Phrase grounding data:
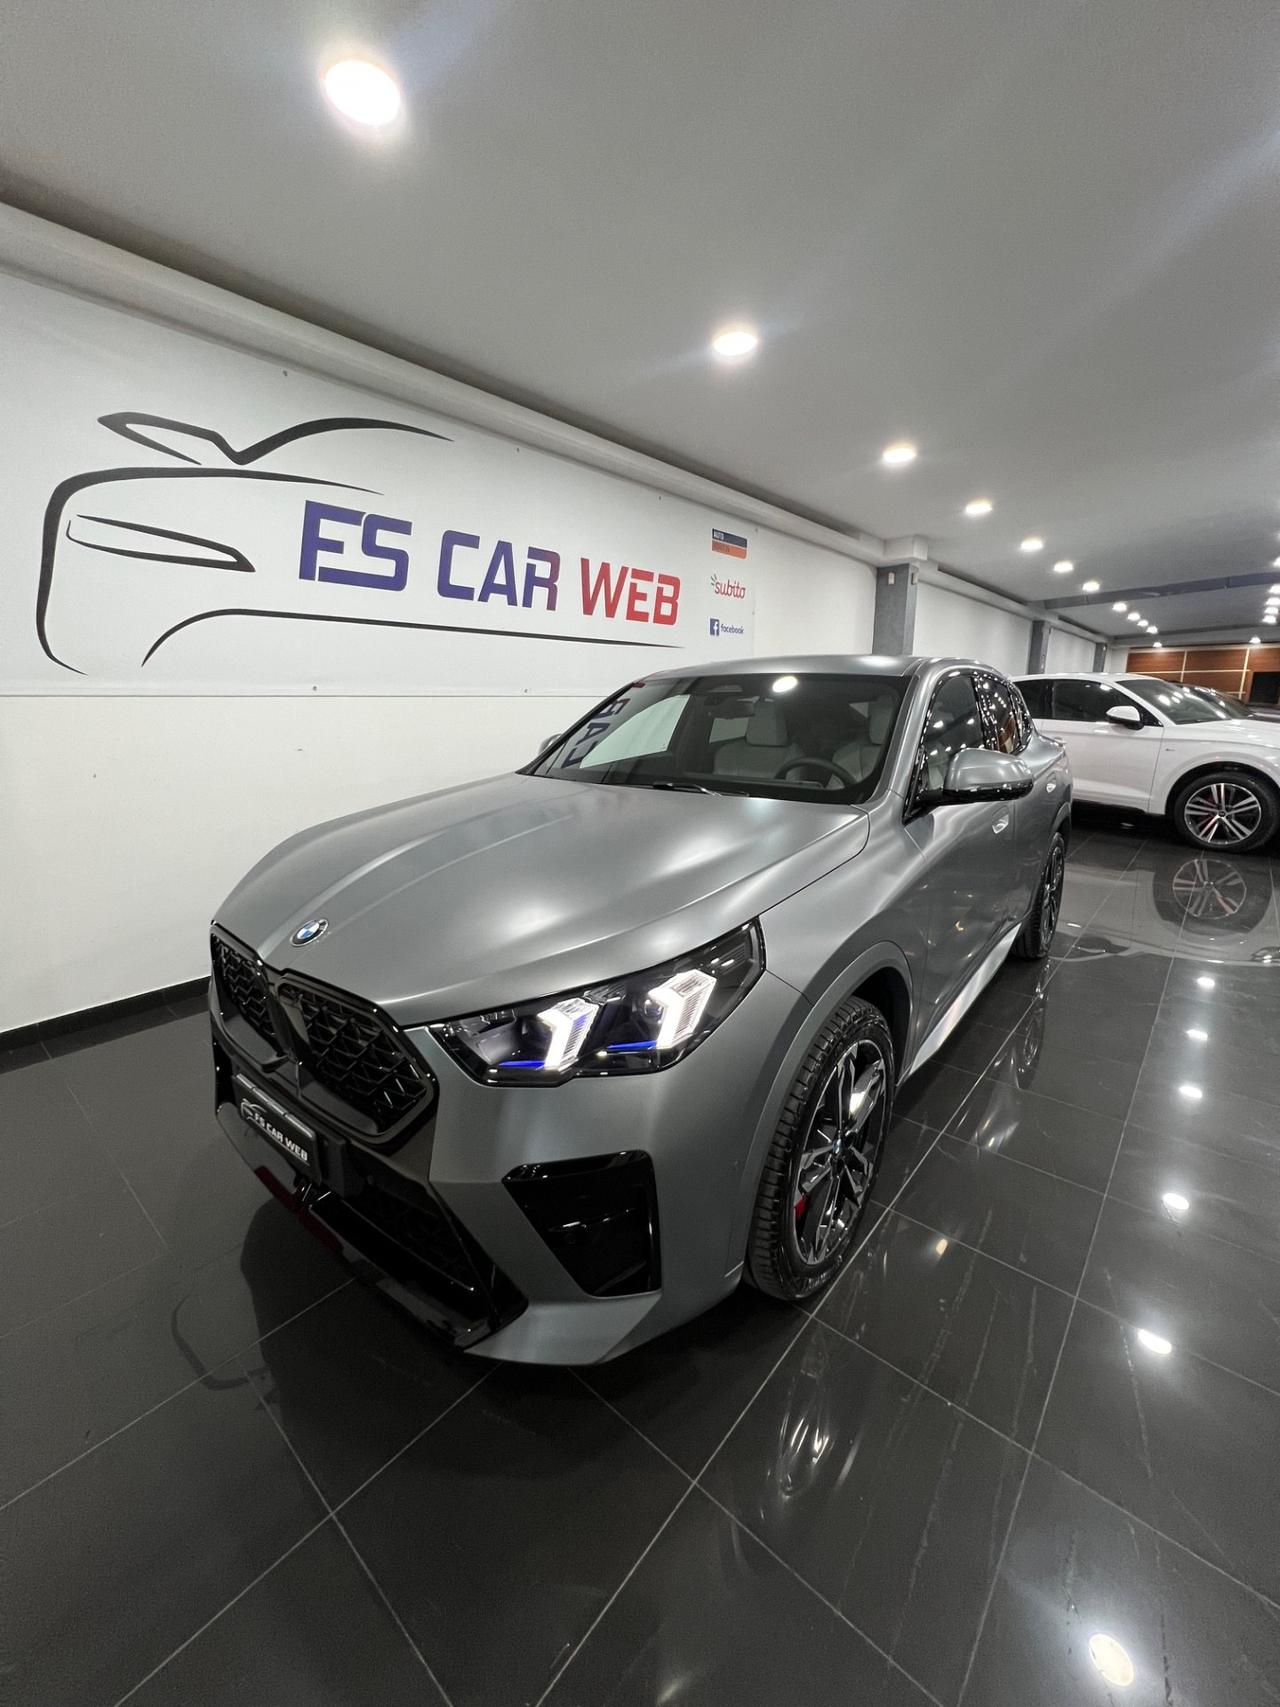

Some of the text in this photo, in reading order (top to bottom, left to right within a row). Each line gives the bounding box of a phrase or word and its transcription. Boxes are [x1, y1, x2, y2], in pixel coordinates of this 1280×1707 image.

[437, 530, 561, 611] CAR
[581, 557, 681, 626] WEB
[715, 579, 746, 599] subito
[720, 623, 744, 635] facebook
[266, 1122, 283, 1143] CAR
[284, 1136, 308, 1161] WEB
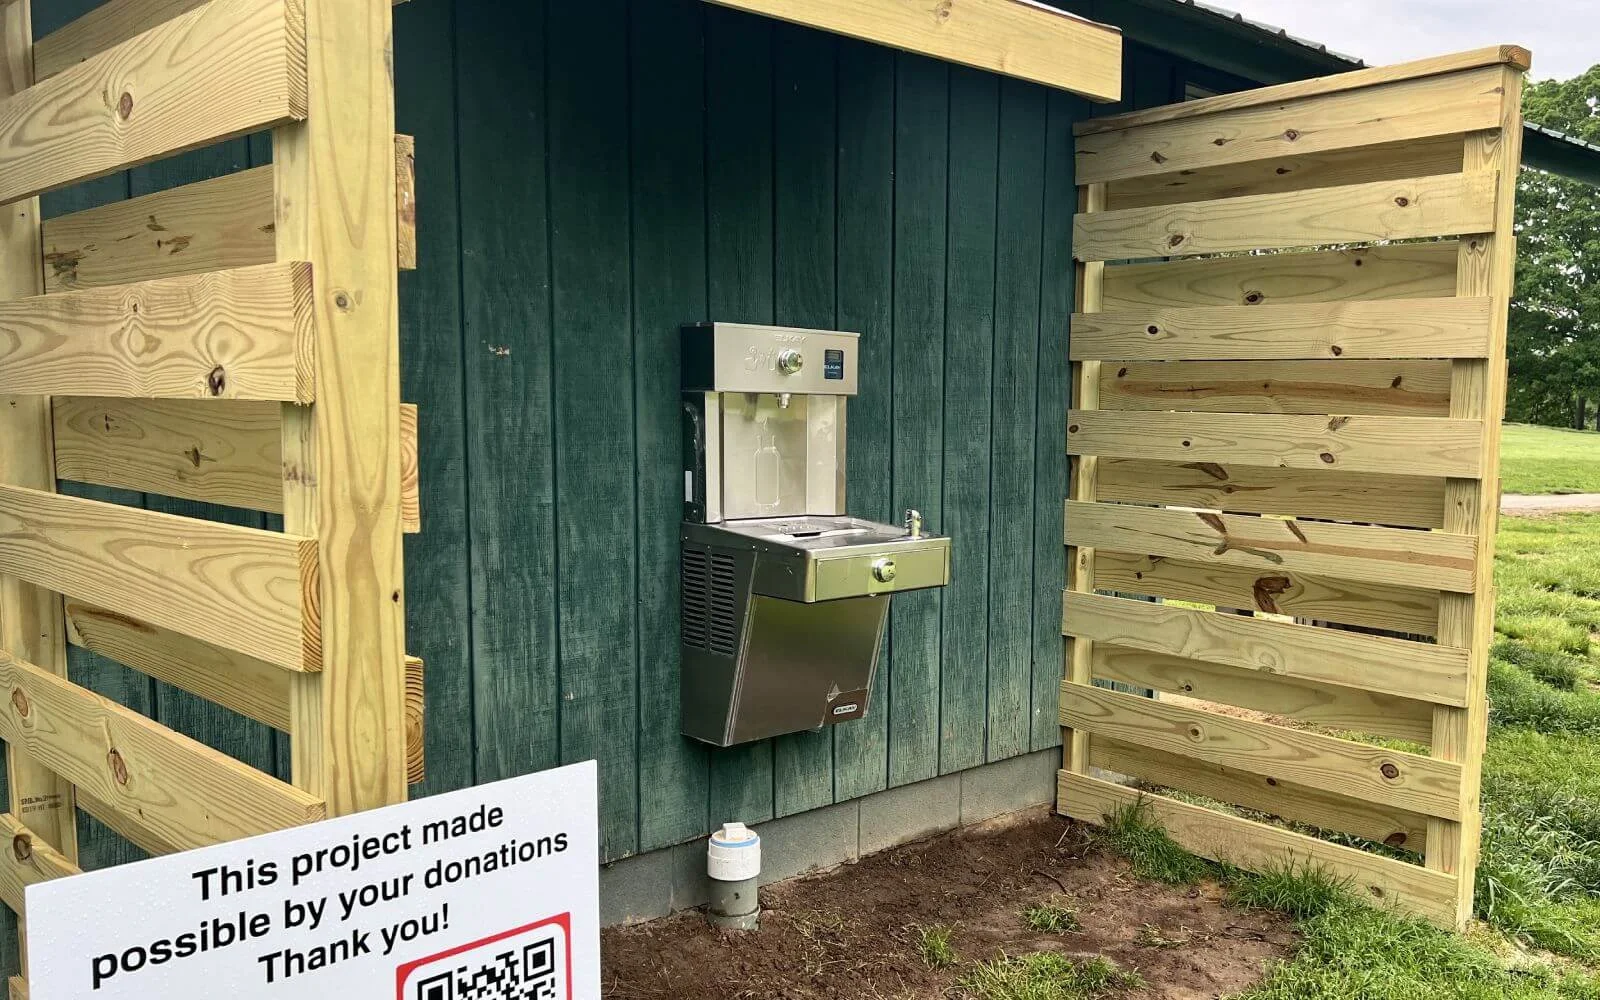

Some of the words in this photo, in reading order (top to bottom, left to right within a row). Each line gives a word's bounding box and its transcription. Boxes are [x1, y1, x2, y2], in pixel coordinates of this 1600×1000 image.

[191, 858, 278, 901] This
[292, 824, 412, 886] project
[422, 804, 504, 845] made
[92, 911, 271, 990] possible
[284, 897, 327, 931] by
[338, 873, 414, 922] your
[424, 832, 568, 889] donations
[257, 928, 371, 984] Thank
[380, 902, 449, 956] you!

**To do**. Reproduce each entry precisely, dropping only the pictures.

**Your solution**.
Some of the text in this photo, in reading order (top to bottom, left to right within a row). Each line gives the bounding box of a phrase or word and its transcription. Boxes are [x1, y1, x2, y2], in pixel coordinates of this 1280×1707 image.

[437, 530, 561, 611] CAR
[581, 557, 681, 626] WEB
[715, 579, 746, 599] subito
[720, 623, 744, 635] facebook
[266, 1122, 283, 1143] CAR
[284, 1136, 308, 1161] WEB

Some of the words in this photo, in reading order (top to bottom, left to right within a row). Each line gives a word's bounding box and its transcription. Boxes are [x1, y1, x2, y2], in pixel coordinates of this 1600×1000 image.

[191, 858, 278, 901] This
[292, 824, 412, 886] project
[422, 804, 504, 845] made
[92, 911, 271, 990] possible
[284, 897, 327, 931] by
[338, 873, 414, 922] your
[424, 832, 568, 889] donations
[257, 928, 371, 984] Thank
[380, 902, 449, 956] you!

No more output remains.